BrowserUk,
I found the problem(s). I believe I had 3 things wrong and they were all part of the code I posted!
I did this by "reverse engineering" the problem. After showing you how the test case and module were put together, I decided to take them apart and load the module with "use".
I then decided to use '%RCache' hash to point to the data contained in an array. Now I could re-initialize '%RCache' but the array couldn't be re-initialized. So I thought it's something wrong with the data I'm producing in the index file. And that enabled me to see the actual problem.
In the code, I copied the temp buffer to the reference passed from the caller:
substr($$buffer,0,$reclen+4,$tmpbuf); #*#
The first thing I did wrong, was that I initialized '$buffer' only once. So when the above was executed and '$$buffer' was larger than '$tmpbuf', it would grow.
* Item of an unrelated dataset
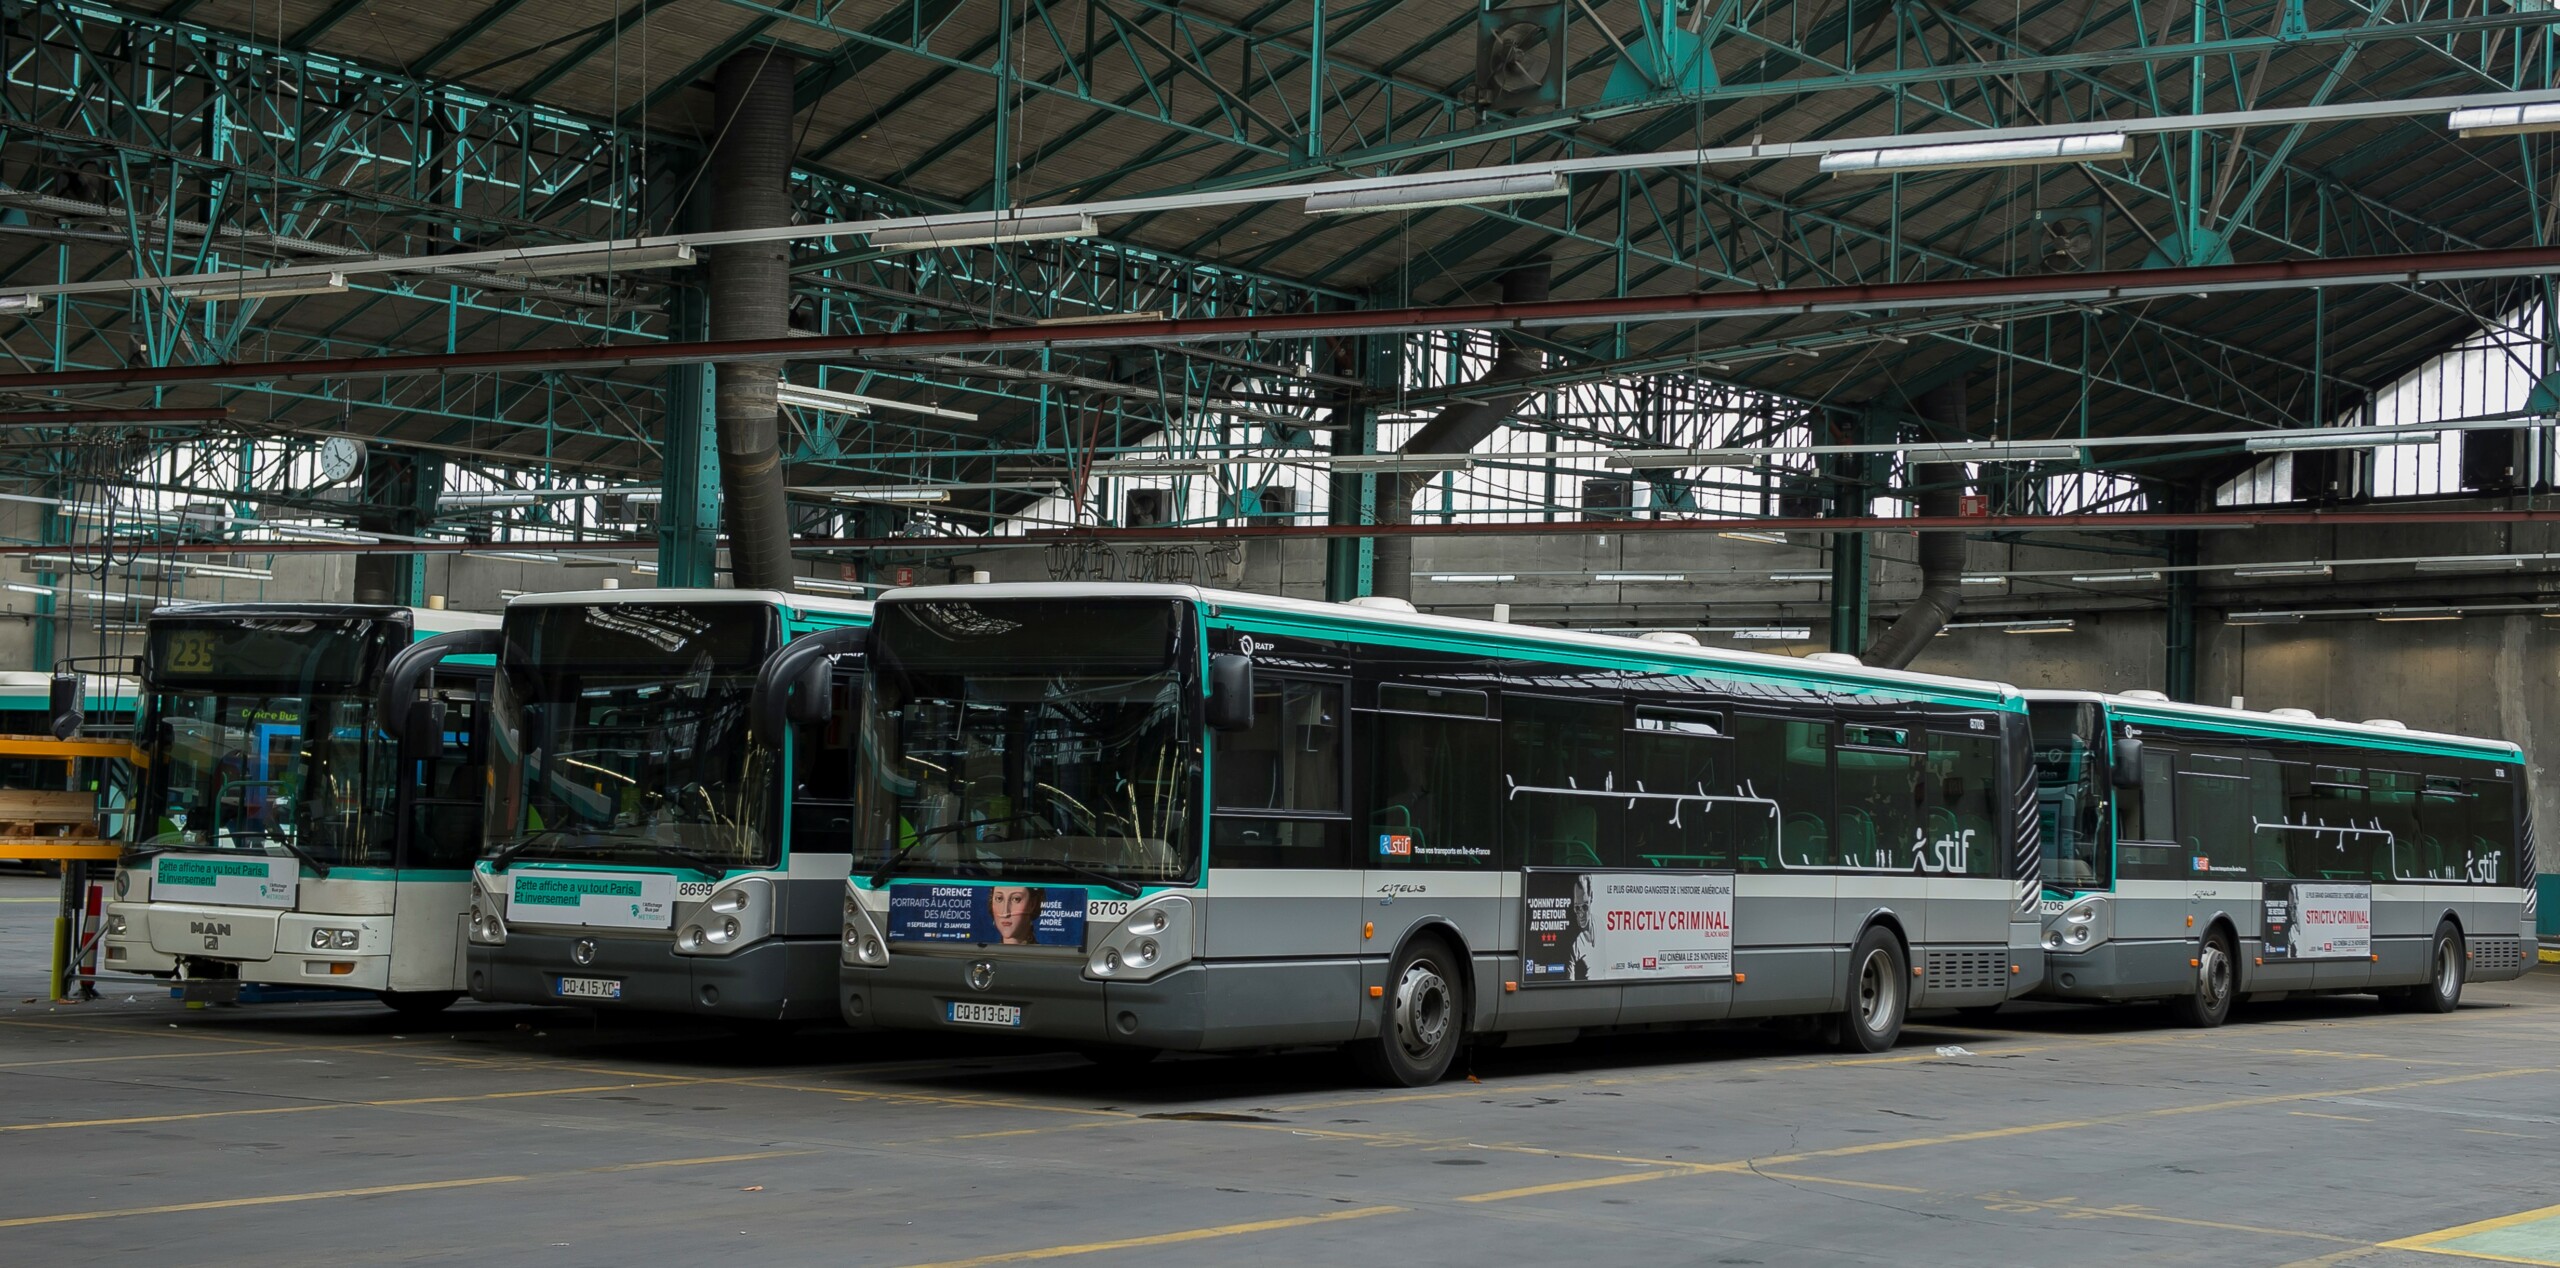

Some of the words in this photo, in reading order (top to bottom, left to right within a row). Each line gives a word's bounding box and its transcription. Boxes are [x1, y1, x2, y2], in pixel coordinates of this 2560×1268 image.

The 'sub GetSubBuffer' gets called 24,000,000 in this test case, and the data in '%RCache' just kept getting bigger. When I replaced it with:
$$buffer = substr($tmpbuf,0,$reclen+4);
the problem with re-initialize just went away and the test throughput improved from 15m37.516s to 11m16.684s (approximately 30+%).
I still don't know why I couldn't re-initialize '%RCache', but it works now. Maybe the failing code created a self-reference. You would know better than I. The third problem was scoping in nature, and had to be fixed just to get the test case to compile after splitting the code.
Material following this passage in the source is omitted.